→ **Exercise goal**
Everything in the listing should be transcribed exactly, apart from the pictures.

● ● ●

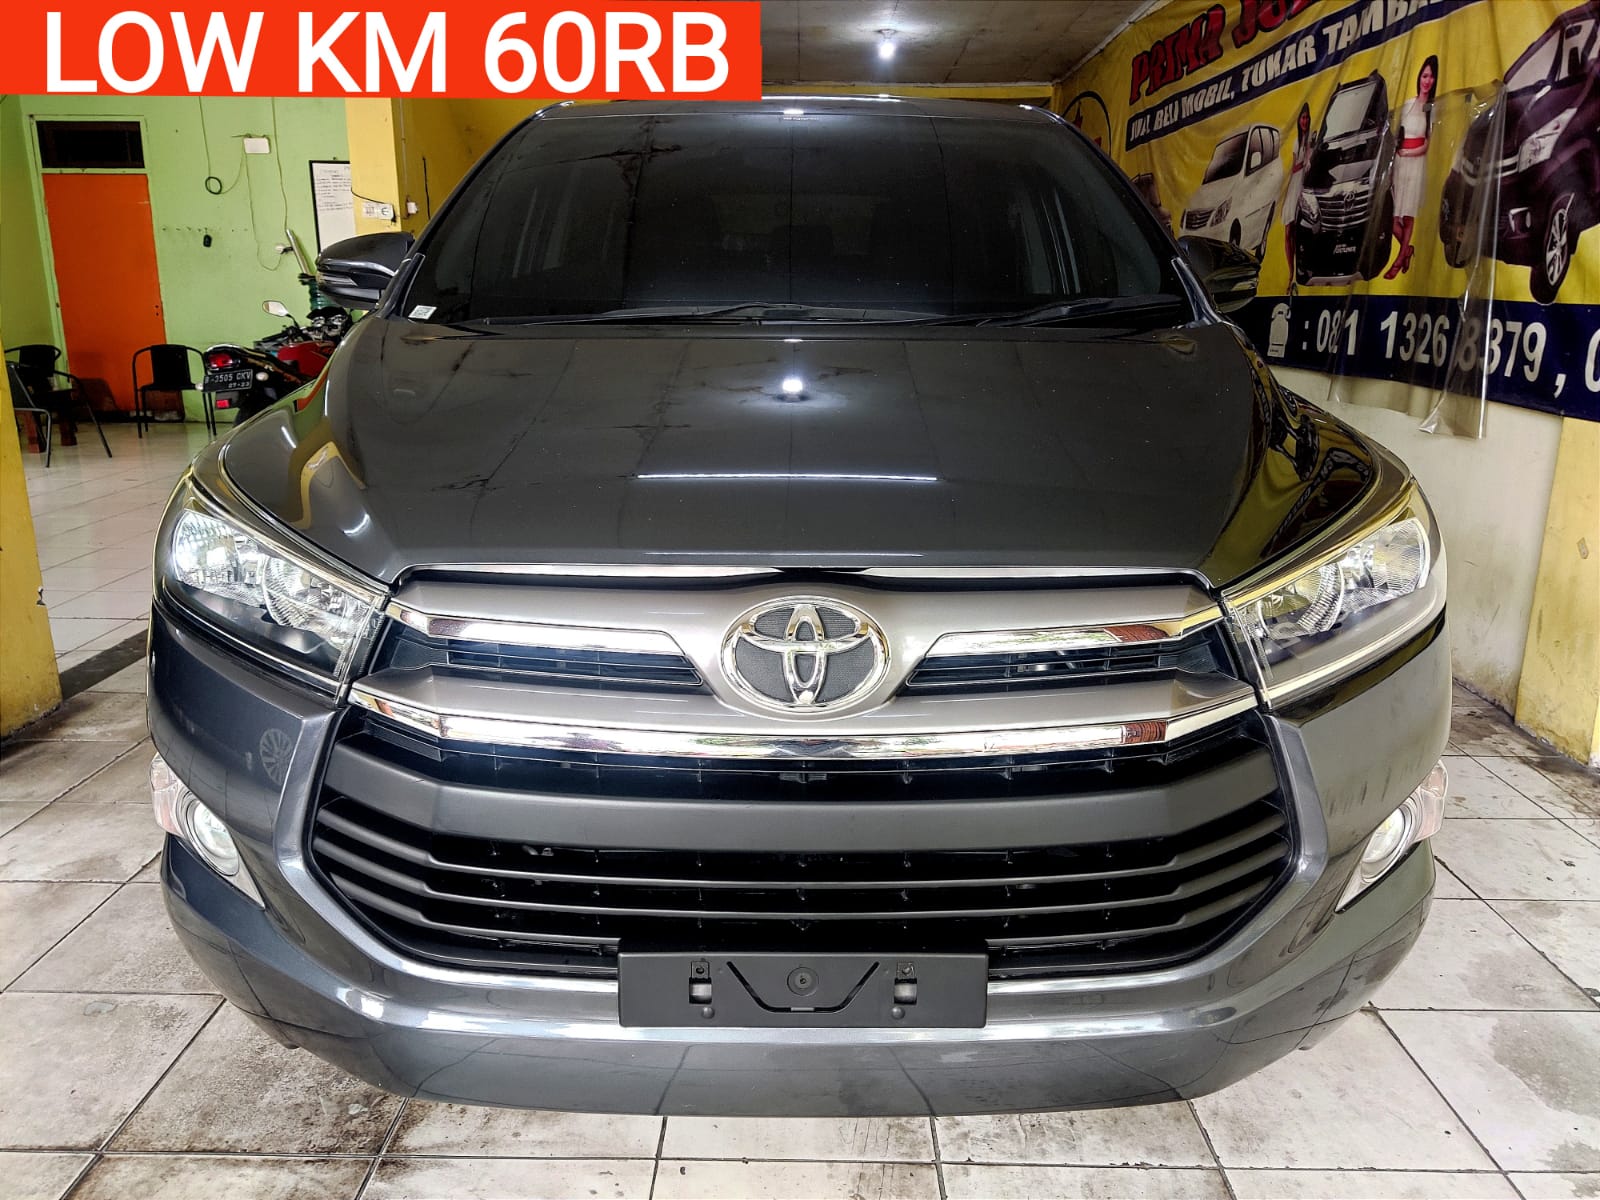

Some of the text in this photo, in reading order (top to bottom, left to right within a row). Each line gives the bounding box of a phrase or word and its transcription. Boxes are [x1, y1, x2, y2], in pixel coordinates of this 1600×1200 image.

[1153, 100, 1179, 131] BELI
[1181, 76, 1235, 119] MOBIL,
[1241, 35, 1317, 92] TUKAR
[1322, 0, 1443, 55] TAMB

● ● ●

→ **Output of the task**
Some of the text in this photo, in reading order (top to bottom, left to right within a row). Each line gives the bounding box of a phrase or word and its transcription. Boxes are [x1, y1, x2, y2], in pixel coordinates of this 1600×1200 image.

[1153, 100, 1179, 131] BELI
[1181, 76, 1235, 119] MOBIL,
[1241, 35, 1317, 92] TUKAR
[1322, 0, 1443, 55] TAMB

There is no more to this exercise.